Many programmes have earned recognition within their organisations but have not yet built the structures needed to sustain that status.
Retention is the priority, but spending says otherwise
- 57% cite retention as their primary objective
- 42% concentrate learning investment on onboarding
- 12% focus on expansion and renewal stages
Retention was identified as the leading objective for customer education teams, ahead of customer loyalty and brand loyalty.
However, the report found little evidence that programme investment reflects that priority. More than four in ten organisations concentrate education efforts on onboarding, while relatively few focus on expansion, renewal and later lifecycle stages where churn risk is often greatest.
The findings suggest many programmes remain focused on customer acquisition and onboarding despite identifying retention as their primary objective.
Executive attention has arrived, but sponsorship has not
- 44% are viewed as strategic growth levers
- 78% receive leadership review at least quarterly
- One third have no executive sponsor
- 18% have both a dedicated budget and accountable sponsor
Customer education has won greater recognition from senior leadership.

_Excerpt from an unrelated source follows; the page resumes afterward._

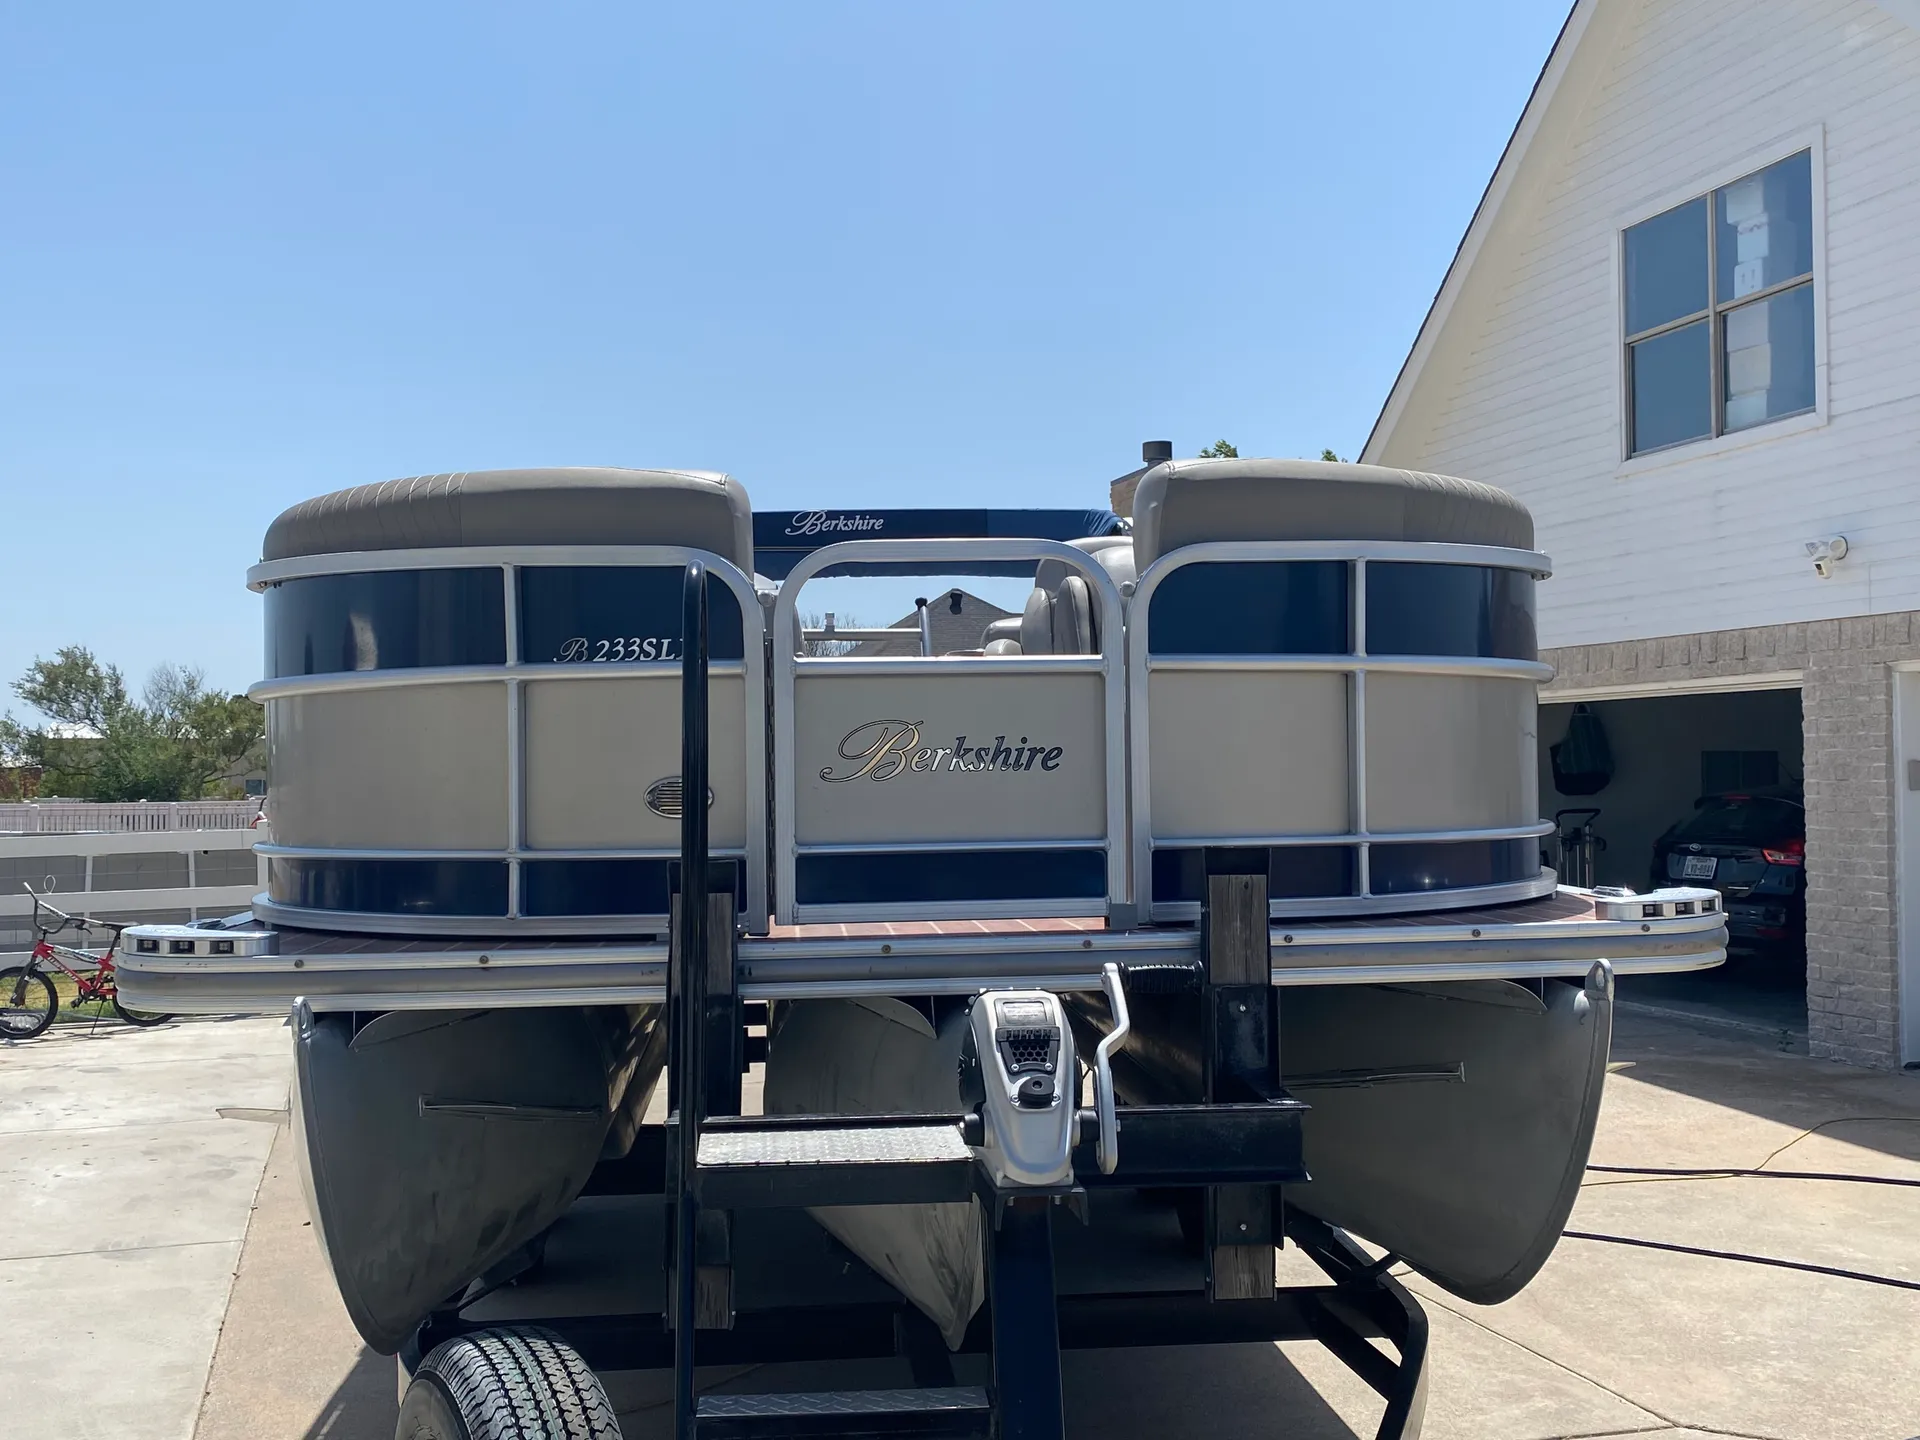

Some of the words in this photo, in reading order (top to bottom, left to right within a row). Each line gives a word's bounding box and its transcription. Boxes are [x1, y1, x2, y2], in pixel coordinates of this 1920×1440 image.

[785, 509, 884, 535] Berkshire
[593, 637, 683, 662] 233SL
[820, 719, 1063, 783] Berkshire

The study found that 44% of programmes are now viewed as strategic growth levers and 78% receive regular leadership review. However, the report suggests that recognition has arrived faster than organisational support.
Executive attention has not translated into formal support structures. A third of programmes report having no executive sponsor and many rely on informal advocates rather than leaders with direct accountability for outcomes.
Only 18% of respondents report having both a dedicated budget and a formally accountable sponsor. Those organisations significantly outperform programmes with neither across measures including strategic positioning, learner engagement and confidence in demonstrating return on investment.
Confidence in ROI exceeds measurement capability
- 52% are very confident they can demonstrate ROI
- 31% still lack analytics capability
- 20% report disconnected systems
- 21% have not defined success measures
The report identifies a disconnect between confidence and measurement capability.
More than half of respondents say they are very confident they can demonstrate return on investment from customer education. However, many of those same organisations report fundamental barriers to measurement.
These include missing analytics capability, disconnected systems and the absence of agreed success measures.
The report argues that the challenge is no longer securing leadership belief in customer education but proving its impact through business metrics that executives already track.
Disconnected systems remain one of the biggest obstacles to demonstrating value, preventing organisations from linking learning activity to retention, adoption and commercial outcomes.
AI remains largely experimental
- 29% report significant or fundamental change from AI
- 71% report little or no change
- Adoption is concentrated in content creation activities
Despite widespread discussion of AI across workplace learning, the report suggests customer education programmes remain at an early stage of adoption.
Fewer than three in ten respondents report significant or fundamental change resulting from AI. Most activity is concentrated in content drafting, video creation and tutorial development.
Higher-value applications, including personalised learning pathways, adaptive content and measurement infrastructure, remain relatively uncommon.
The report suggests AI adoption is likely to accelerate once programmes have established stronger measurement, sponsorship and operational foundations.
The State of Customer Education 2026 was commissioned by Absorb Software and conducted by Lighthouse Research & Advisory. The research combines survey responses from 502 organisations with interviews conducted during the first quarter of 2026.